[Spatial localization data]

-------

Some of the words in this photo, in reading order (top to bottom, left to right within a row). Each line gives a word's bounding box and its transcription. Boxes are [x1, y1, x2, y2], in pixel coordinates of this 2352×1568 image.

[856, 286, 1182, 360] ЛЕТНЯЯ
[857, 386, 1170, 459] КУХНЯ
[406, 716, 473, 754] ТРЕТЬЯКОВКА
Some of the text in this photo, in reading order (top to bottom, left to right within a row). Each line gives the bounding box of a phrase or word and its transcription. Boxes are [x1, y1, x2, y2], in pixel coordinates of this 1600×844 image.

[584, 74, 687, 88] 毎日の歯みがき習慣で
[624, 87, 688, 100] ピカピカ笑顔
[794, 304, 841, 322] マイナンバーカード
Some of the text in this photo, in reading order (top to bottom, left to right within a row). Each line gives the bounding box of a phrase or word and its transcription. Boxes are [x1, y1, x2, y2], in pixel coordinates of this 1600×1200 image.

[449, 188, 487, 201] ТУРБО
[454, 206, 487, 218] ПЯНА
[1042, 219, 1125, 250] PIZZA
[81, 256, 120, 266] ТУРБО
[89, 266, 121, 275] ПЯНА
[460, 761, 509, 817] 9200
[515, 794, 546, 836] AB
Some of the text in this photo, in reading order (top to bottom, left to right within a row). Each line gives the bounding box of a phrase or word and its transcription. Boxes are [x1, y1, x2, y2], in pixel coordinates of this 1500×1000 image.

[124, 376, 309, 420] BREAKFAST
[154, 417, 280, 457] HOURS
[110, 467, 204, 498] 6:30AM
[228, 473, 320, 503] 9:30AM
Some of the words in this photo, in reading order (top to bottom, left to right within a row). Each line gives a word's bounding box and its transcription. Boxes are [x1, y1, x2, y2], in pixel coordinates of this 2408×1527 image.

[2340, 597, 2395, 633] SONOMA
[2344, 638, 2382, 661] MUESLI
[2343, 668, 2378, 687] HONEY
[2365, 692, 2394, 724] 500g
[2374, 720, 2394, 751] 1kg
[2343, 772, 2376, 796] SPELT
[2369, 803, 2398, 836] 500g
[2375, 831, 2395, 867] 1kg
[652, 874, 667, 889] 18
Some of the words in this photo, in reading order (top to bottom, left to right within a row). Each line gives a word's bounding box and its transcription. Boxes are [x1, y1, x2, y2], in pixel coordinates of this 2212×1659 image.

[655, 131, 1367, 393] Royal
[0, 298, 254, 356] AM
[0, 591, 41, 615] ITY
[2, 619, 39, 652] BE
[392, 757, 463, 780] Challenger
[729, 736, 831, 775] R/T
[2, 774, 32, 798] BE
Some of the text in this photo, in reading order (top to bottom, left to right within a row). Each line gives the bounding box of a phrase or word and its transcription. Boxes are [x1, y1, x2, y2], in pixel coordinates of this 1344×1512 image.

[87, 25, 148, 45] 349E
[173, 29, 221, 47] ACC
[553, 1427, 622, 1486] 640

-------

• Problem details
The line containing "this 2212×1659 image." marks where to begin; copy it and every later line exactly, through the end of the data.

• Solution
Some of the words in this photo, in reading order (top to bottom, left to right within a row). Each line gives a word's bounding box and its transcription. Boxes are [x1, y1, x2, y2], in pixel coordinates of this 2212×1659 image.

[655, 131, 1367, 393] Royal
[0, 298, 254, 356] AM
[0, 591, 41, 615] ITY
[2, 619, 39, 652] BE
[392, 757, 463, 780] Challenger
[729, 736, 831, 775] R/T
[2, 774, 32, 798] BE
Some of the text in this photo, in reading order (top to bottom, left to right within a row). Each line gives the bounding box of a phrase or word and its transcription. Boxes are [x1, y1, x2, y2], in pixel coordinates of this 1344×1512 image.

[87, 25, 148, 45] 349E
[173, 29, 221, 47] ACC
[553, 1427, 622, 1486] 640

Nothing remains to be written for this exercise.